July 25, 2020 11:47 IST

'We are a country of amazing ability and the way we have responded to the pandemic is evidence.'

Healthcare workers wait to collect blood samples from people who have recovered from the coronavirus disease at a plasma donation camp inside a classroom at a slum in Mumbai, July 24, 2020.  Photograph: Hemanshi Kamani/Reuters

IMAGE: Healthcare workers wait to collect blood samples from people who have recovered from the coronavirus disease at a plasma donation camp inside a classroom at a slum in Mumbai, July 24, 2020. Photograph: Hemanshi Kamani/Reuters

Doctors and the former Union health secretary share their learnings from the pandemic with Syed Firdaus Ashraf/Rediff.com.

Dr Shahid Jameel, PhD
Chief Executive Officer
DBT/Wellcome Trust India Alliance

  • Science based and data driven policy making is required to control pandemics.
    Therefore, we must have accurate, granular and transparent data.
    Otherwise, we will not make the right decisions -- whether these are forecasting models for cases, hospital beds, ventilators, etc.
  • Just science is not enough to control pandemics.
    Trust and compliance are necessary.
    Therefore, the social and human dimensions are also important, and must be part of any strategy.
  • We are a country of amazing ability and the way we have responded to the pandemic is evidence.
    But we must prepare to build knowledge, capacity and systems in advance.
    Being in the reactive mode can cost us heavily.
  • Science, technology and research have been the real stars.
    In 6 months we have learned so much about the virus and the disease, developed vaccines and repurposed drugs.
    This cannot be forgotten when it is over.
    Science has the ability to provide answers to our problems, provided we are willing to listen.

Dr Tauseef H Khan
Resident doctor, infectious disease department, King George's Medical University, Lucknow.

Dr Tauseef Khan was infected with COVID-19. He shares his experience on what two things he learnt from his experience.

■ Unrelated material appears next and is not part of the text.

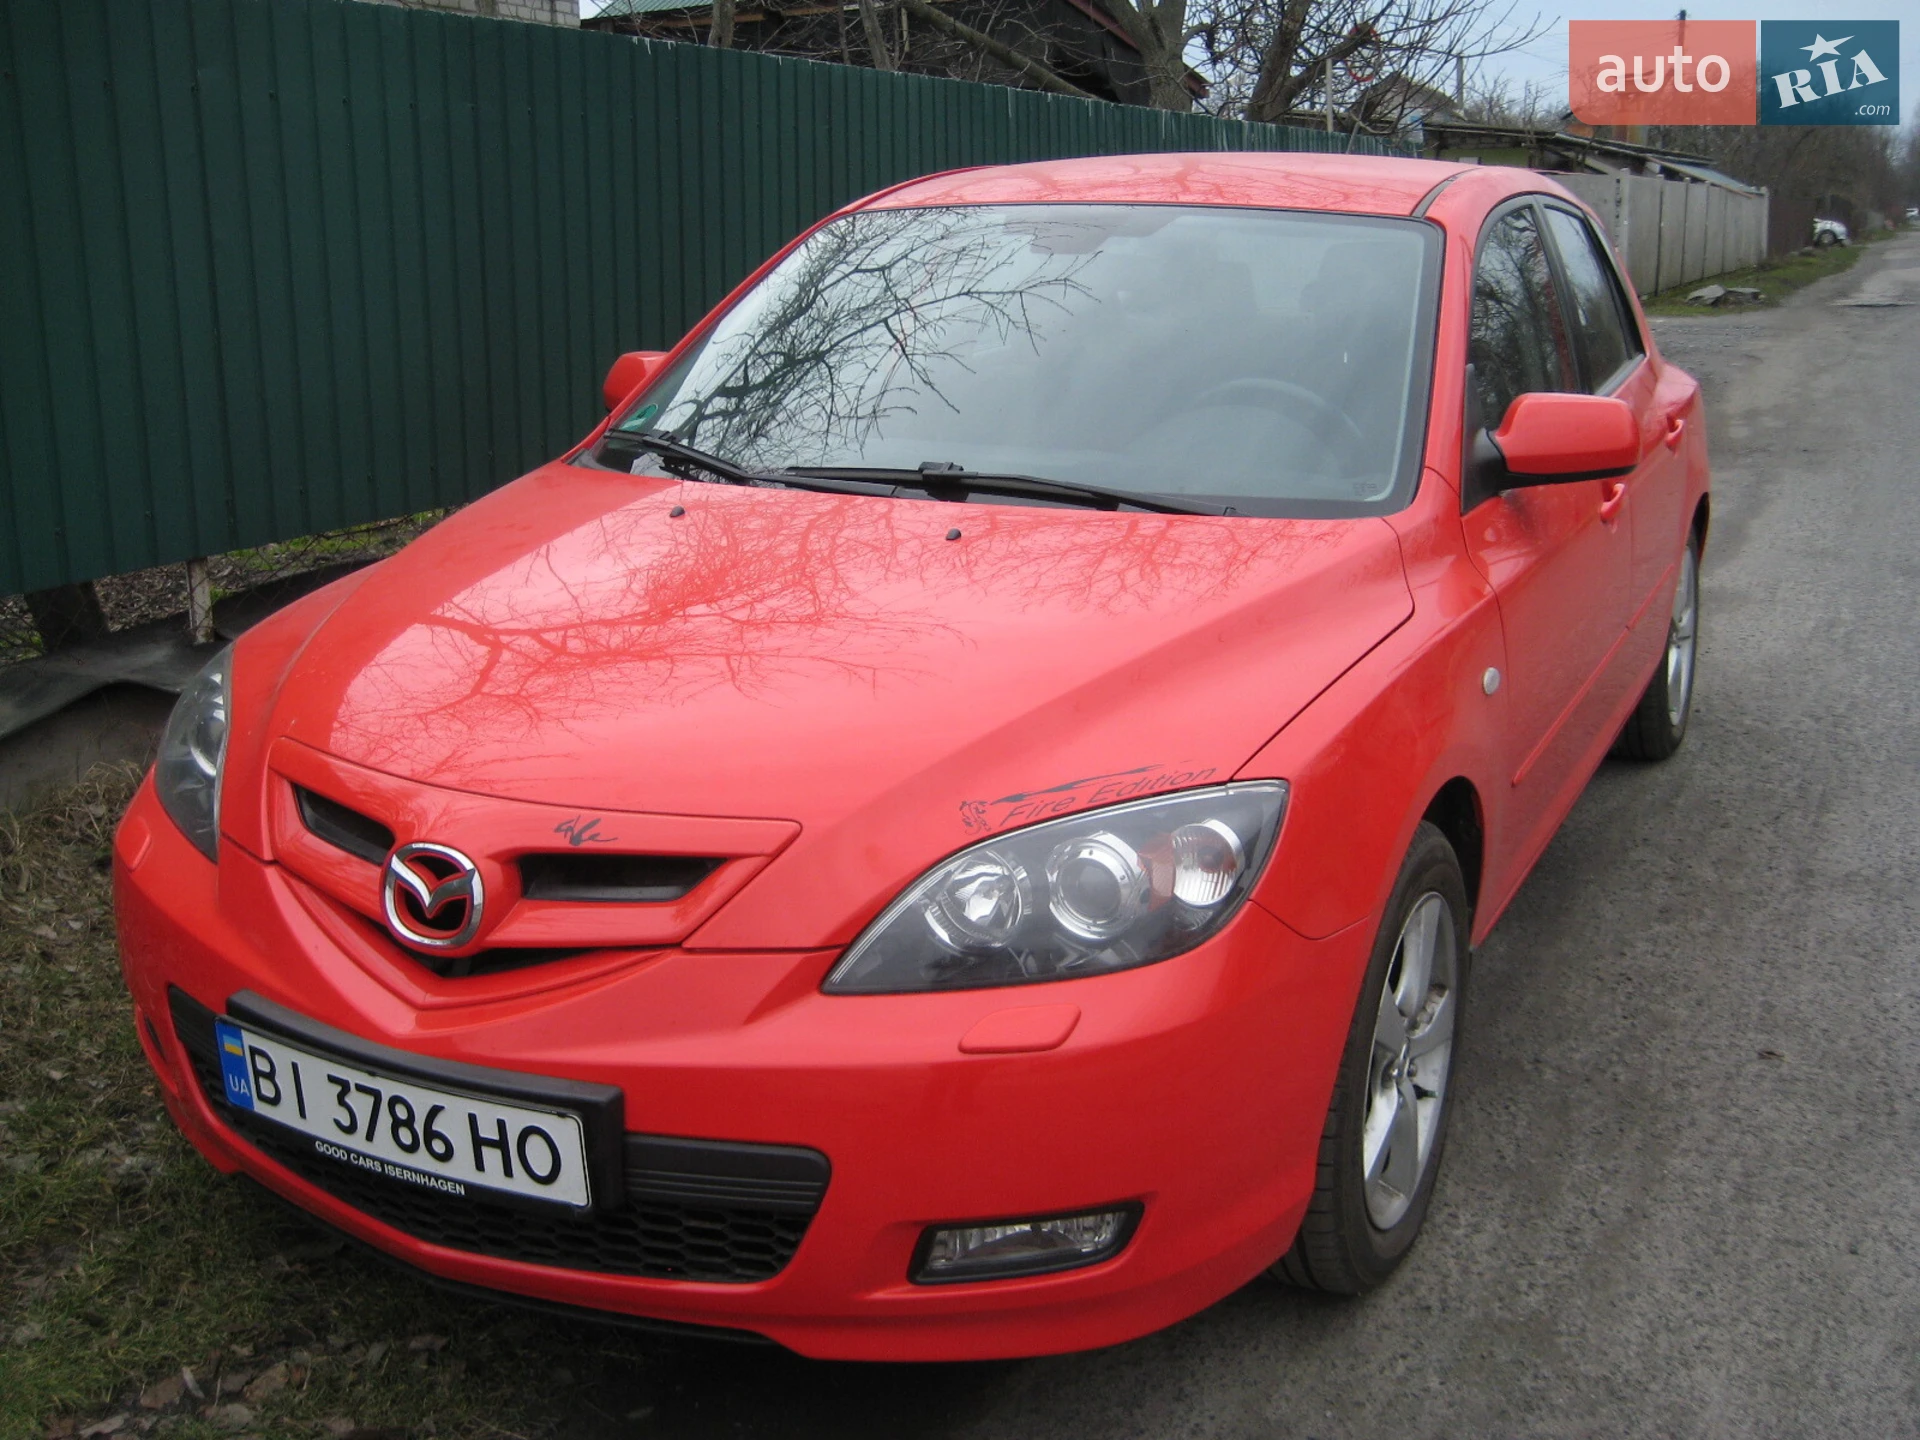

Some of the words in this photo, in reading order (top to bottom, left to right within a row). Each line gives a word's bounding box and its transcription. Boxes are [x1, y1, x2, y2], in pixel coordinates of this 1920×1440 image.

  • My biggest learning from COVID 19 is that this disease can infect anyone. This is the biggest message that it has given to all human beings. It told us that all human beings are same.
  • It is a great leveller and spares no one that includes legendary actor Amitabh Bachchan or even UK Prime Minister Boris Johnson.
  • It also proved to me that you may be a rich man or a poor man or for that matter a black man or a white man, we all are one and equal.
  • Secondly, I also realised that many people who were uprooted from their families could never come back home as they were searching for livelihood in cities.
  • It also proved that home is home. And no one can replace your loved ones.

K Sujatha Rao
Former Union health secretary

  • Invest much more on public health and primary care. Public health means also high quality laboratories and diagnostics.
  • Where pandemic control strategies have been implemented like Kerala and Later in Dharavi etc results have been excellent. Clearly it's important for the central government as well as state governments to build and develop such public health capacities to cope with pandemics and avoid making costly mistakes.
  • Civil society organisations and community organisations should have been co-opted much more intensively and early on instead of trying to manage a public health issue as a law and order problem.
  • Invest on hospitals and bring them up to acceptable standards.